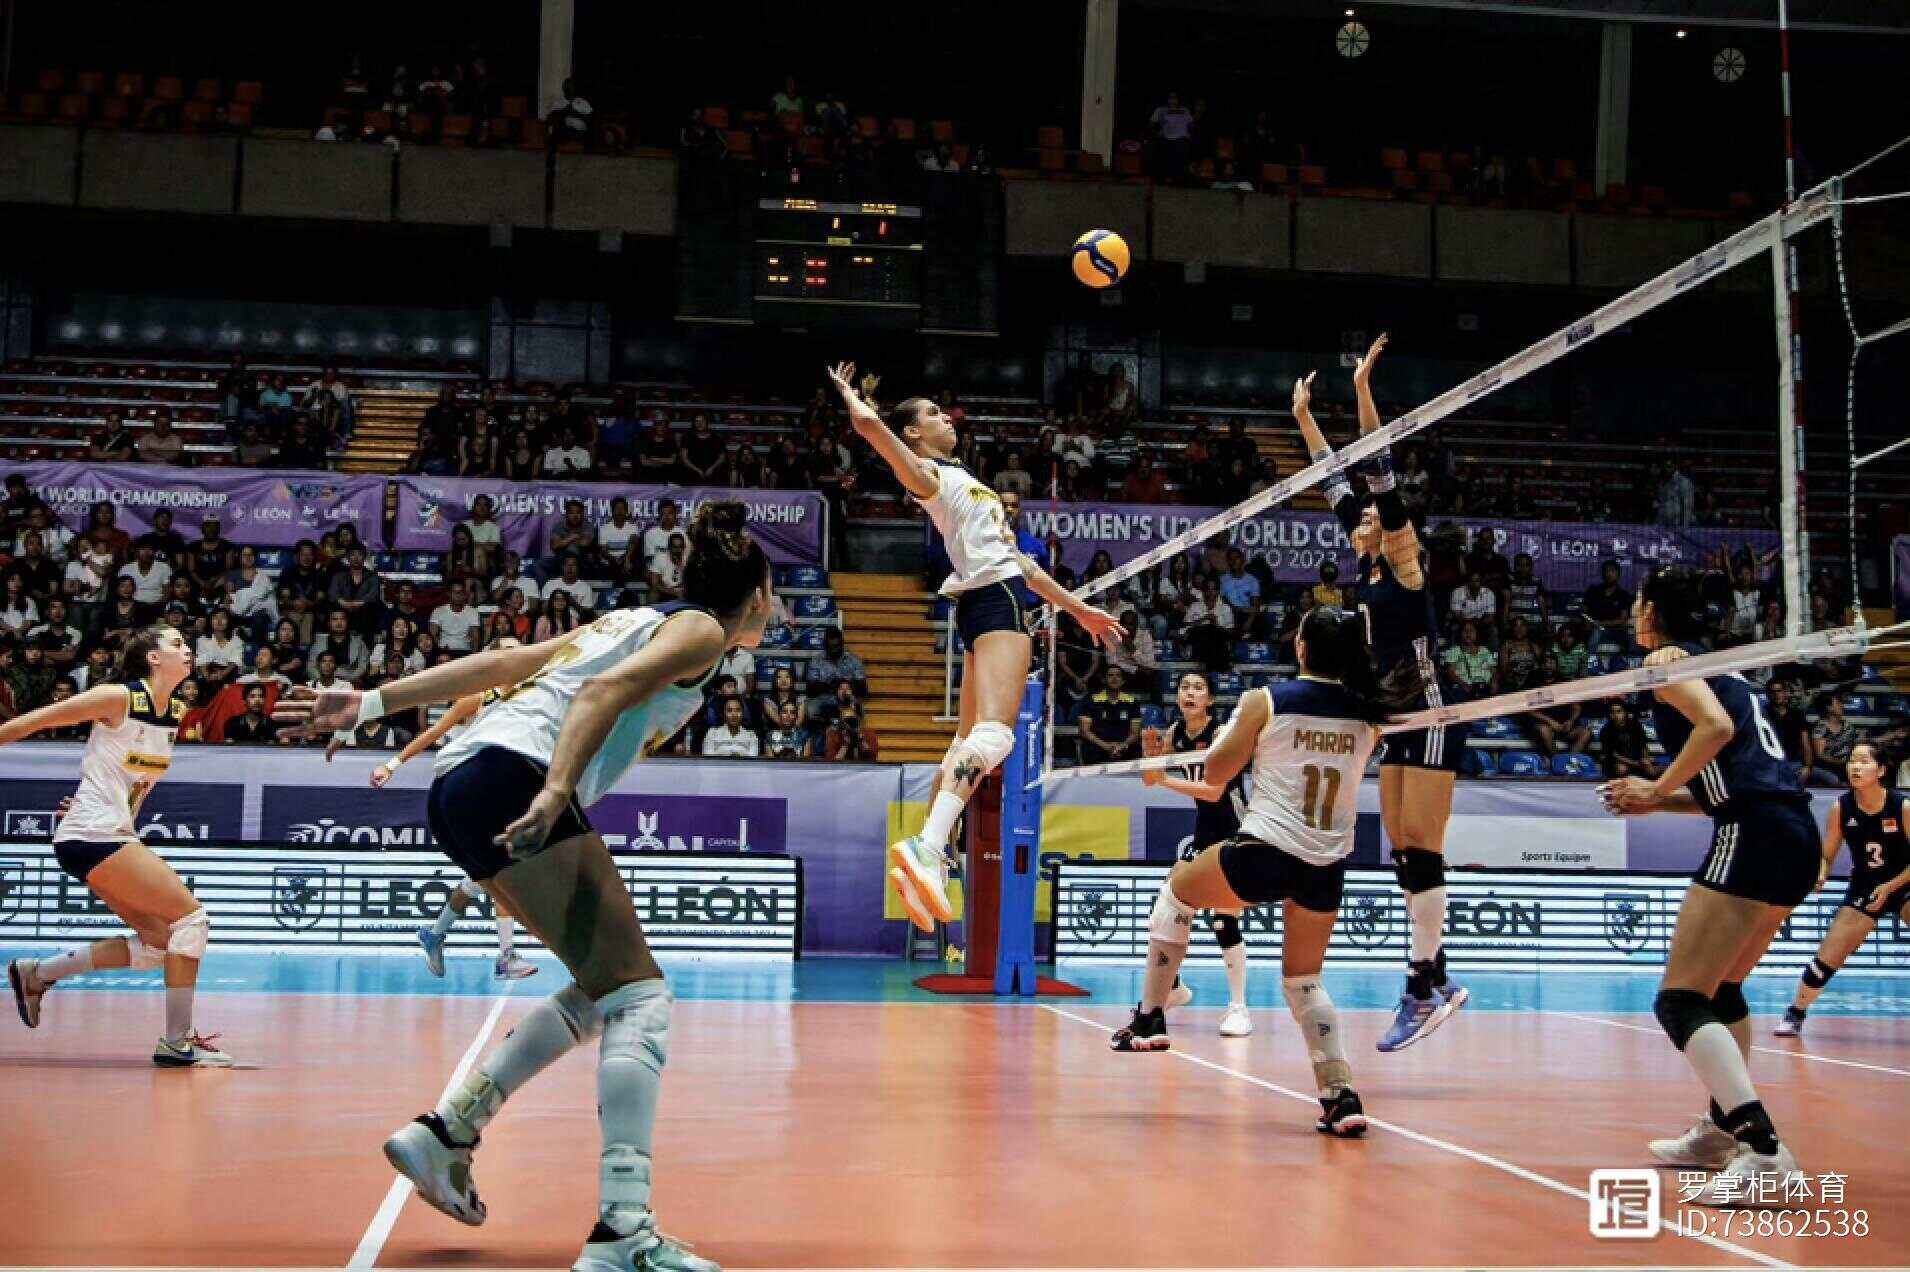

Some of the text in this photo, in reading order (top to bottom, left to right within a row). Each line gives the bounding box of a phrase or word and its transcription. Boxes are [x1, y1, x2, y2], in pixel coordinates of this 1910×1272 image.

[1025, 510, 1151, 541] WOMEN'S
[1293, 729, 1355, 756] MARIA
[1302, 763, 1342, 831] 11
[1866, 842, 1885, 868] 3
[649, 874, 780, 924] LEÓN
[1447, 890, 1542, 938] EÓN
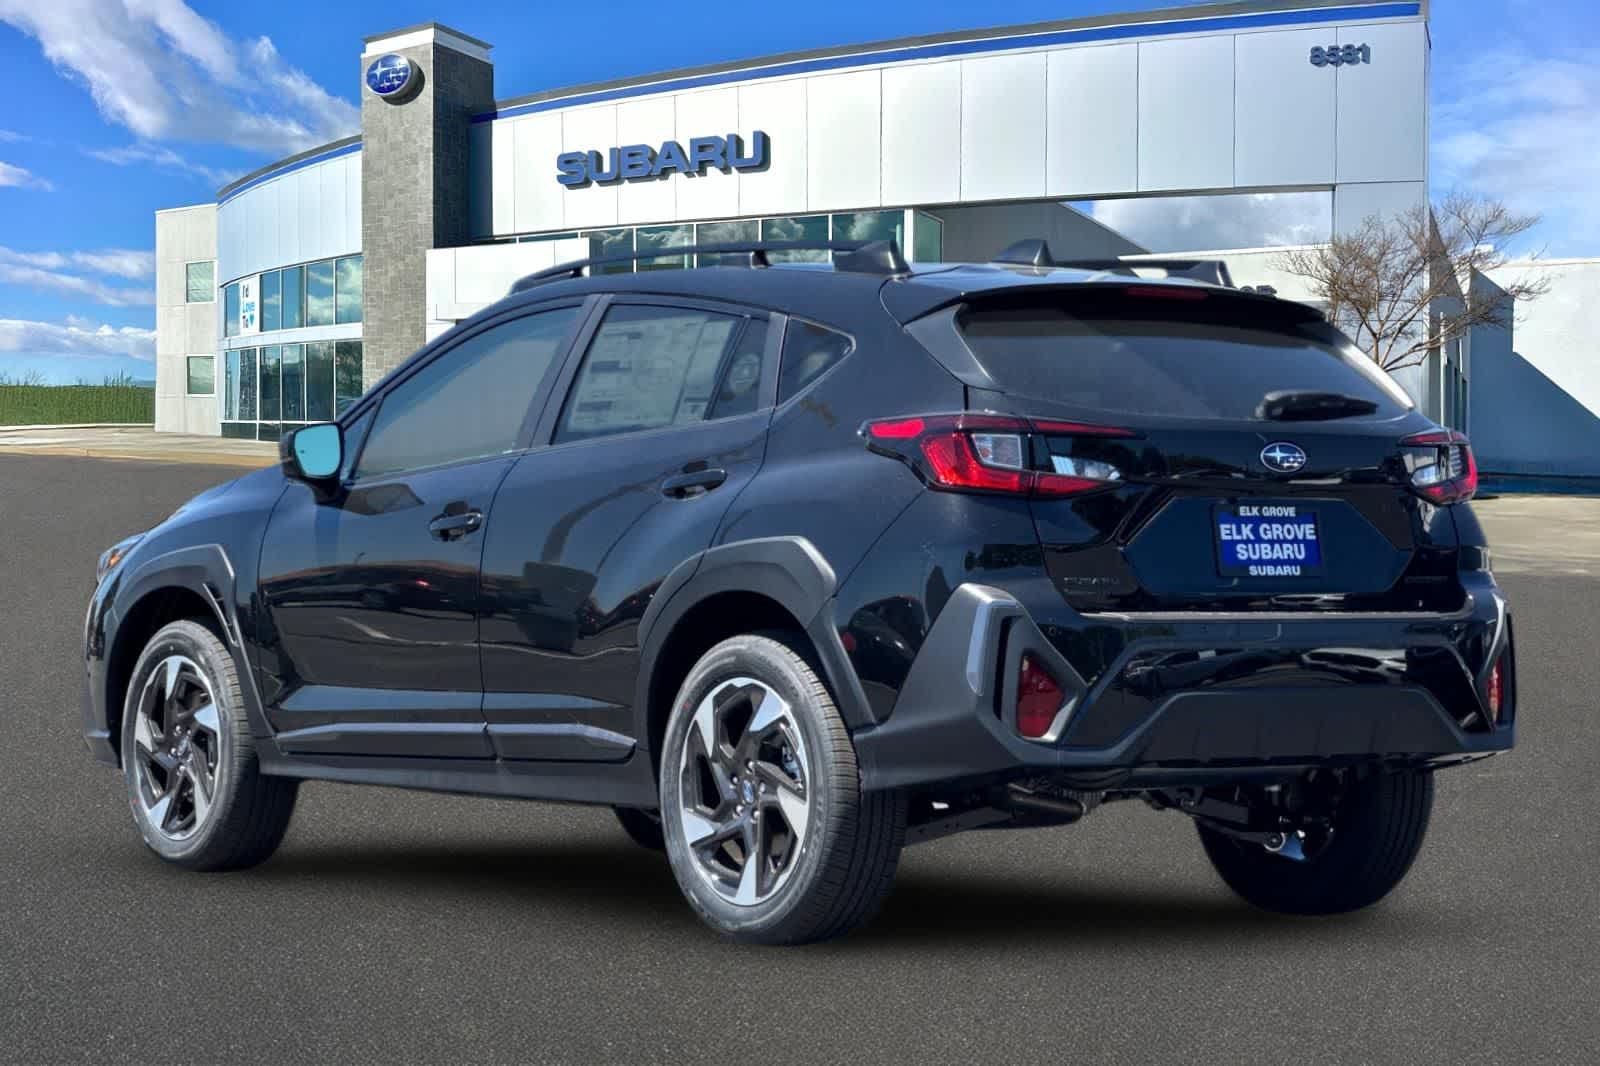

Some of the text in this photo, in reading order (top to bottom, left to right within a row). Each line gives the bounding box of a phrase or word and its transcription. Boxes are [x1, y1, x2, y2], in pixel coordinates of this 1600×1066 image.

[556, 130, 771, 190] SUBARU
[1239, 506, 1296, 517] ELK GROVE
[1219, 523, 1317, 540] ELK GROVE
[1236, 543, 1306, 560] SUBARU
[1248, 565, 1302, 576] SUBARU

● ● ● ●

◆ YOUR OBJECTIVE
Set each line of the records down exactly, leaving every picture out.

◆ ANSWER FOR THE TASK
Some of the text in this photo, in reading order (top to bottom, left to right within a row). Each line gives the bounding box of a phrase or word and its transcription. Boxes are [x1, y1, x2, y2], in pixel coordinates of this 1910×1272 image.

[1025, 510, 1151, 541] WOMEN'S
[1293, 729, 1355, 756] MARIA
[1302, 763, 1342, 831] 11
[1866, 842, 1885, 868] 3
[649, 874, 780, 924] LEÓN
[1447, 890, 1542, 938] EÓN

Some of the text in this photo, in reading order (top to bottom, left to right within a row). Each line gives the bounding box of a phrase or word and its transcription. Boxes are [x1, y1, x2, y2], in pixel coordinates of this 1600×1066 image.

[556, 130, 771, 190] SUBARU
[1239, 506, 1296, 517] ELK GROVE
[1219, 523, 1317, 540] ELK GROVE
[1236, 543, 1306, 560] SUBARU
[1248, 565, 1302, 576] SUBARU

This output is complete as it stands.